**Recorded data**.
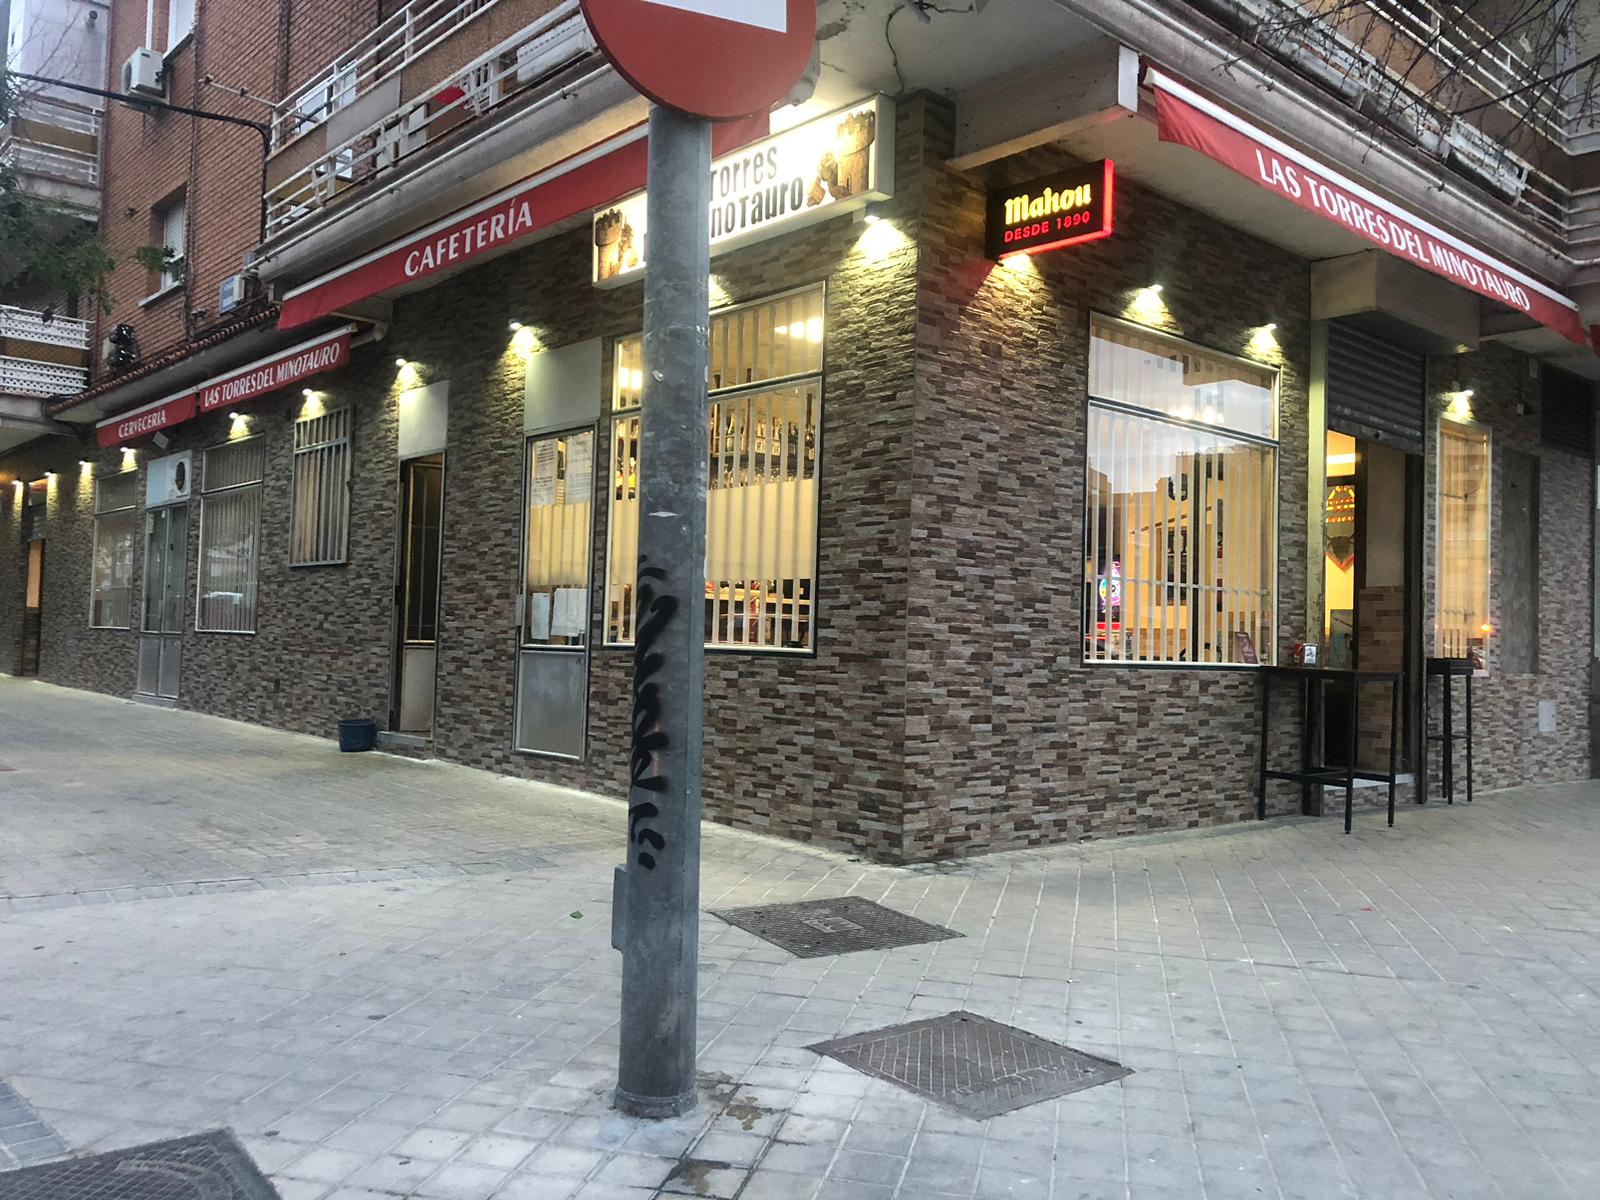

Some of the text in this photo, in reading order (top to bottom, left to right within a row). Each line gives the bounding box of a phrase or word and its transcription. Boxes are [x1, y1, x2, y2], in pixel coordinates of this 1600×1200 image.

[1004, 183, 1092, 226] Mahou
[1004, 211, 1091, 244] DESDE 1890
[1255, 148, 1530, 311] LAS TORRES DEL MINOTAURO
[404, 198, 533, 277] CAFETERÍA
[204, 342, 340, 408] LAS TORRES DEL MINOTAURO
[118, 407, 167, 439] CERVECERÍA
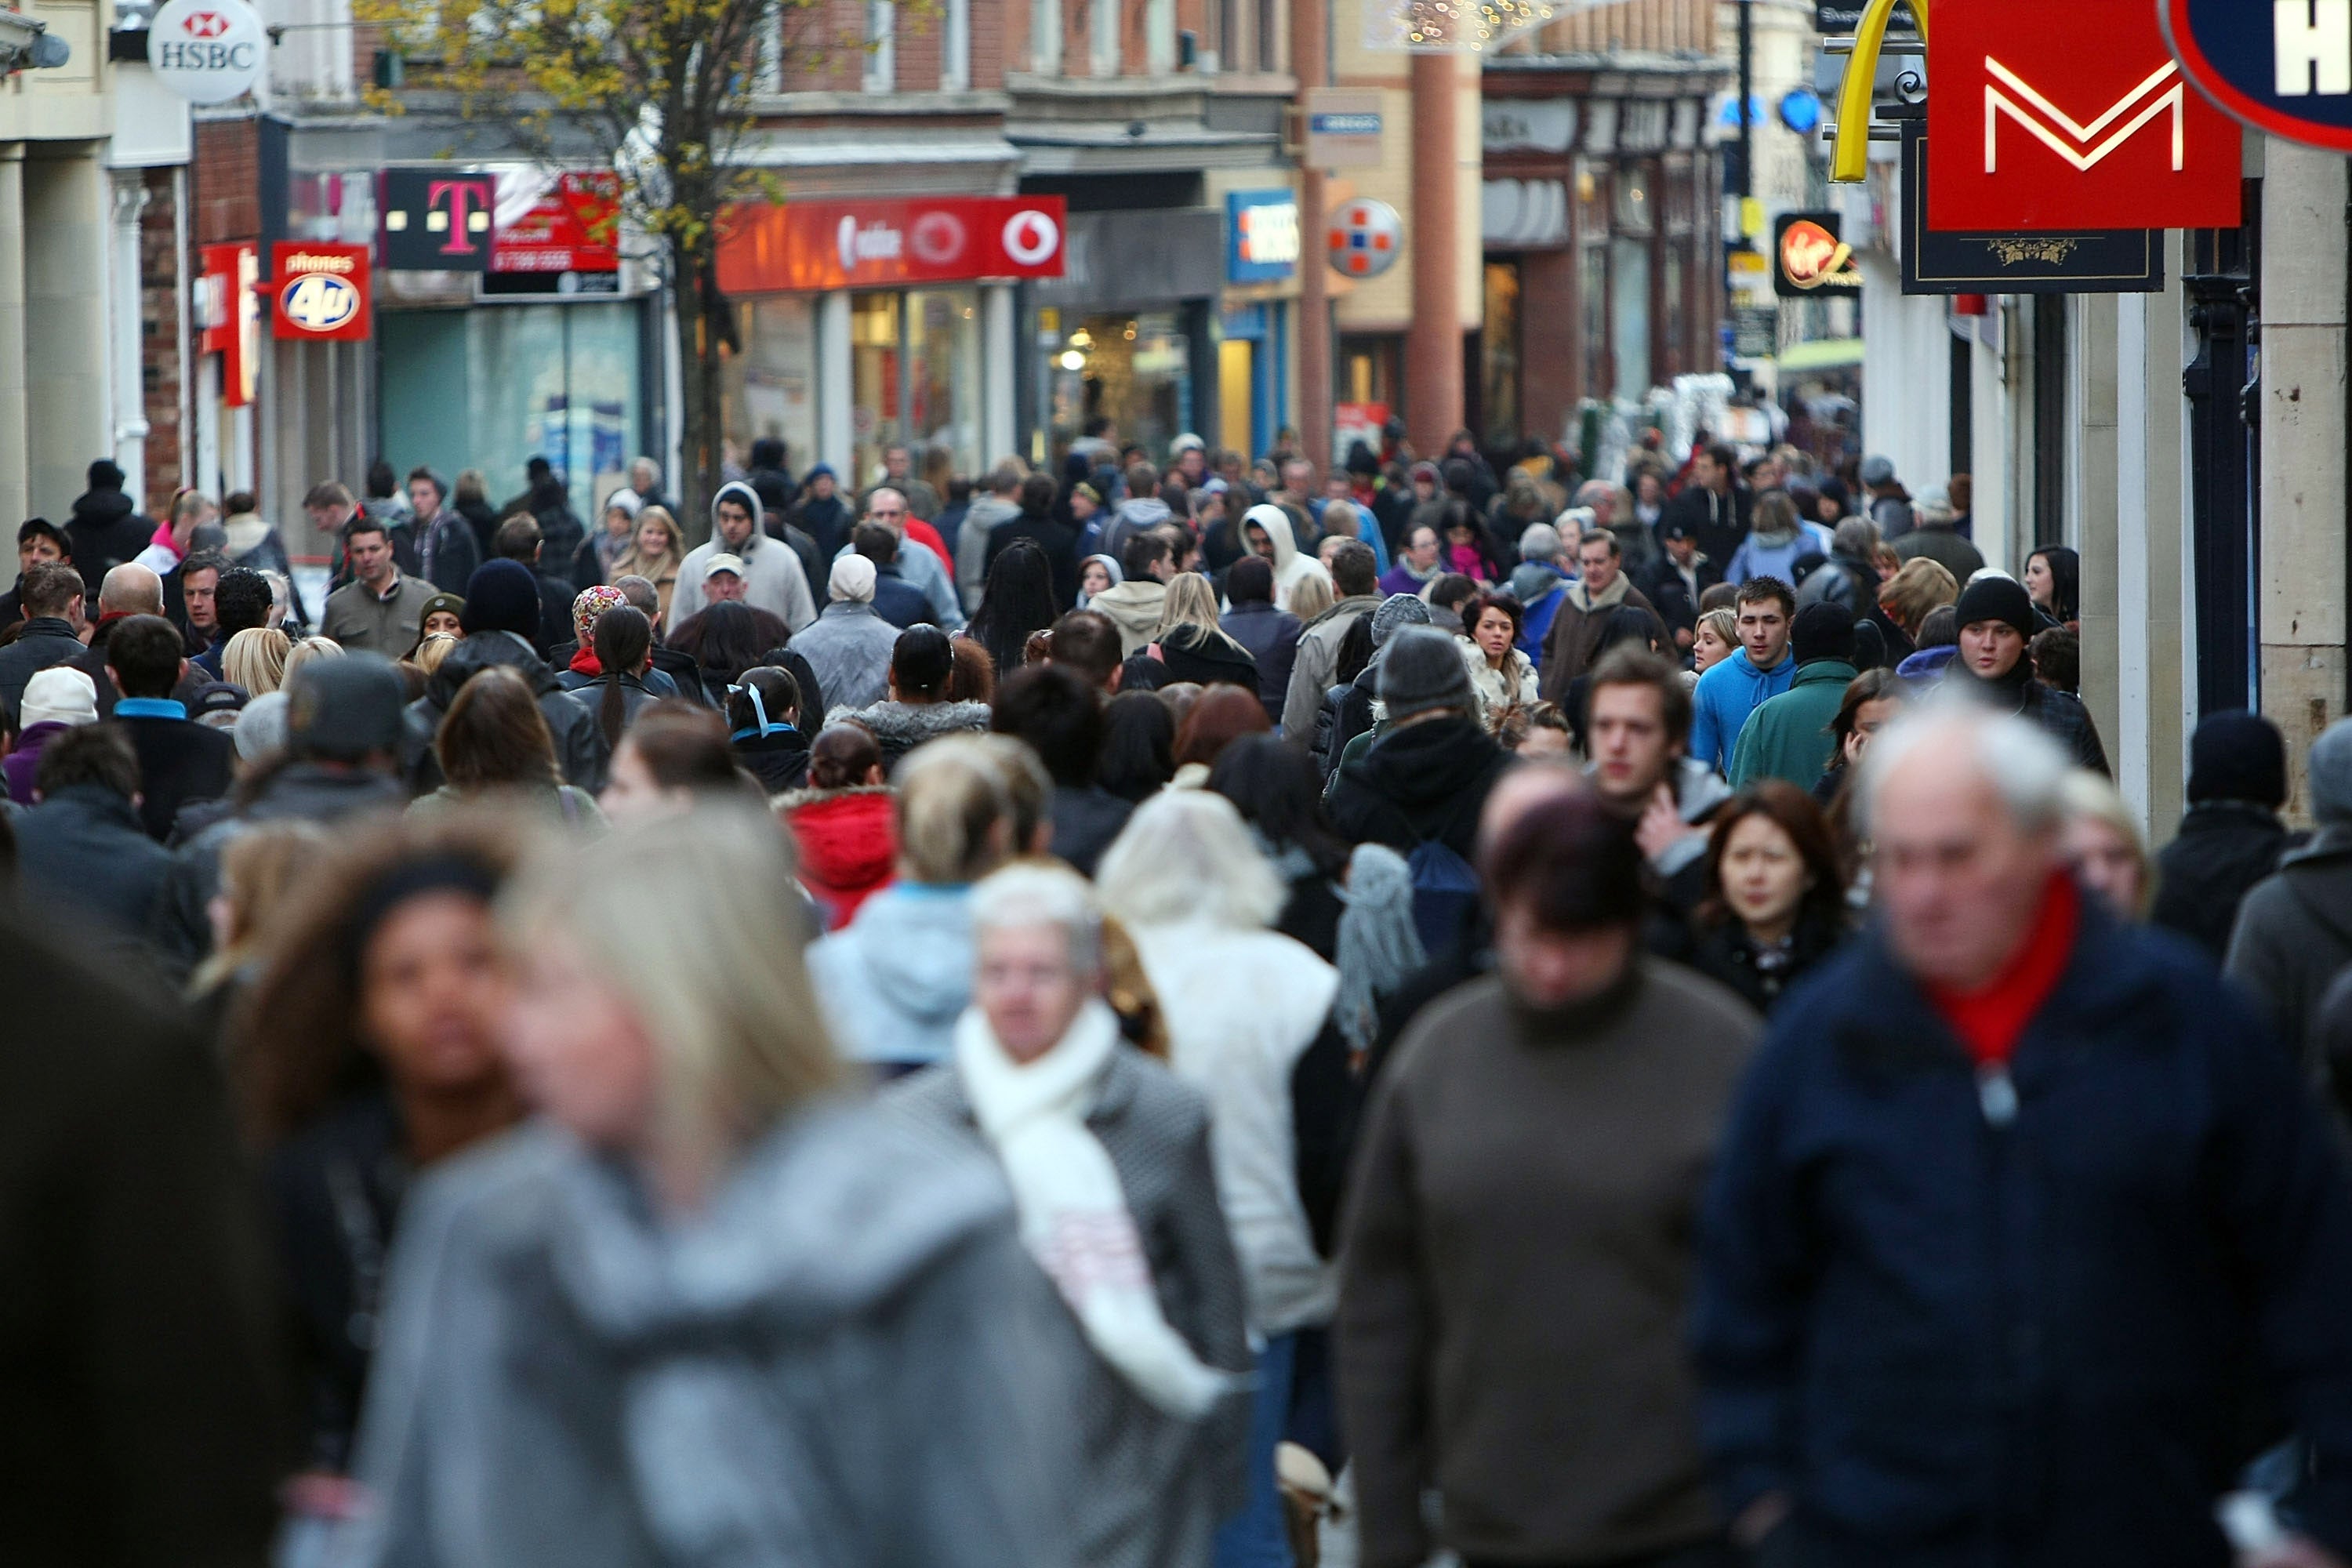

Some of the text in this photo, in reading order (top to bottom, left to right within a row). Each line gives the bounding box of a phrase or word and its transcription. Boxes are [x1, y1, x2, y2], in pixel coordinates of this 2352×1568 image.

[162, 42, 254, 71] HSBC
[429, 181, 488, 255] T
[285, 251, 354, 274] phones

**What you are asked to do**. Only the lines from the one containing "this 2352×1568 image." through the last line of the records should appear, each written out exactly.

**Solution to this exercise**.
Some of the text in this photo, in reading order (top to bottom, left to right within a row). Each line gives the bounding box of a phrase or word and its transcription. Boxes are [x1, y1, x2, y2], in pixel coordinates of this 2352×1568 image.

[162, 42, 254, 71] HSBC
[429, 181, 488, 255] T
[285, 251, 354, 274] phones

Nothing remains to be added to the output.